STOCK OPTION AGREEMENT

This Agreement is between                              (the “Executive”) and Host Hotels & Resorts, Inc. (“Company”), a Maryland corporation, and governs an award made to the Executive pursuant to the 1997 Host Marriott Corporation and Host Marriott, L.P. Comprehensive Stock and Cash Incentive Plan, as amended (the “Plan”). The Company and the Executive agree as follows:

1. Stock Option Award. On February     , 2009 (the “Grant Date”) the Company awarded the Executive the option to purchase                             shares of the Company’s Common Stock (the “Option”) at an exercise price equal to $         per share (the “Per Share Exercise Price”), which shall vest and become exercisable according to the terms and conditions of this Agreement.
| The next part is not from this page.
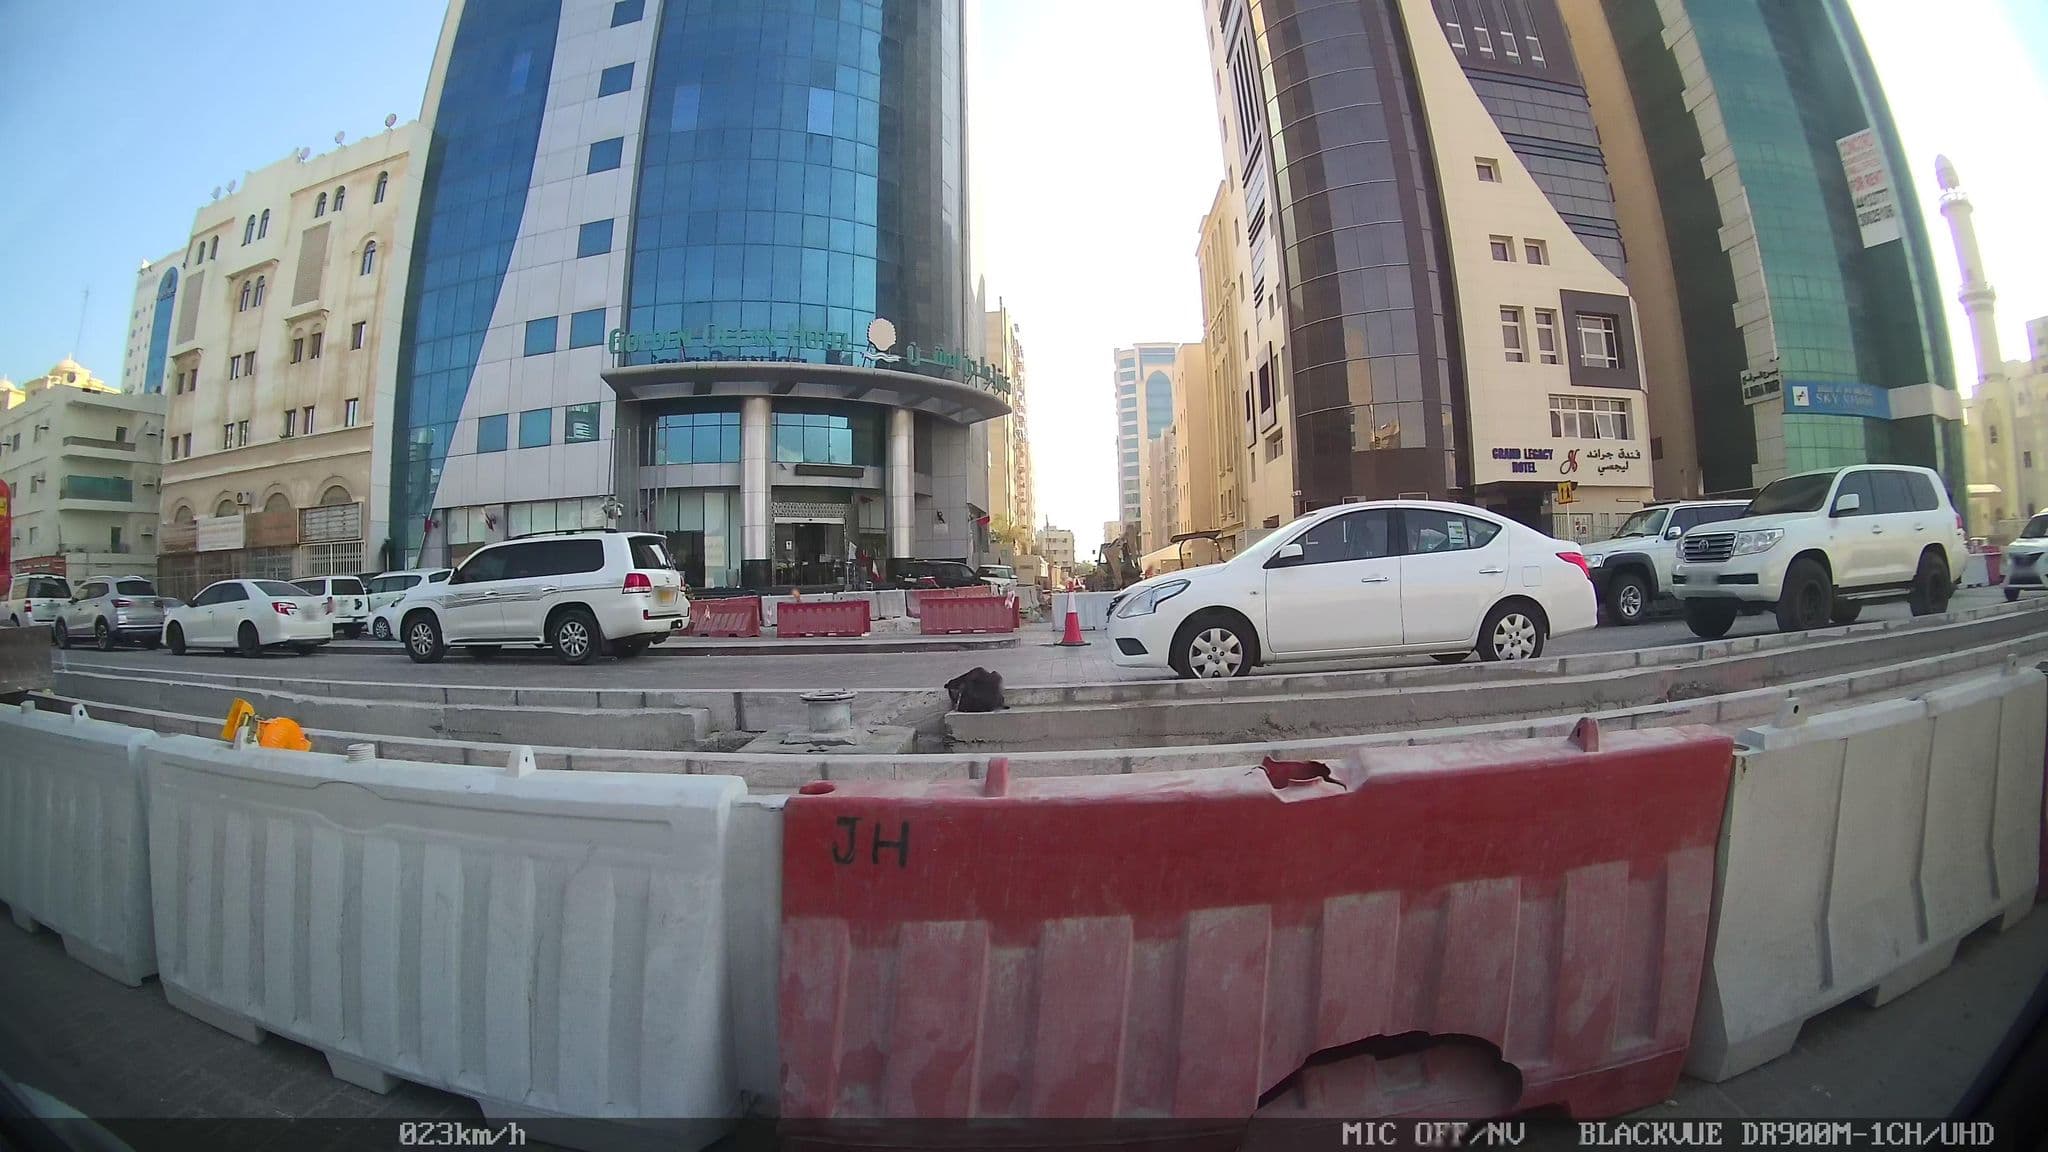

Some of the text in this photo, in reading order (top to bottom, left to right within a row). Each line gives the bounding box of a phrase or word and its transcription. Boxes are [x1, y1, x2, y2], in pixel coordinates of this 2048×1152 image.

This Option is not intended to be an Incentive Stock Option.

2. Vesting. The Option will vest and may be exercised on and after December 31, 2009. Except as provided in Section 5, upon Executive’s termination of employment with the Company (“Termination of Service”) his or her right to vest in the Option shall terminate and any unvested portion of the Option shall be forfeited.

3. Exercise Period. The Option may not be exercised until vested. Once vested, the Option may be exercised in whole or any part, at any time, but may only be exercised for whole shares. However, the vested portion of the Option must be exercised, if at all, prior to the earlier of:

 

 

(a)

one year following Executive’s Termination of Service with the Company by reason of death or Disability;

 

 

(b)

three months following Executive’s Termination of Service for any reason other than death or Disability; and

 

 

(c)

the tenth anniversary of the Grant Date;

and if not exercised prior thereto shall terminate and no longer be exercisable.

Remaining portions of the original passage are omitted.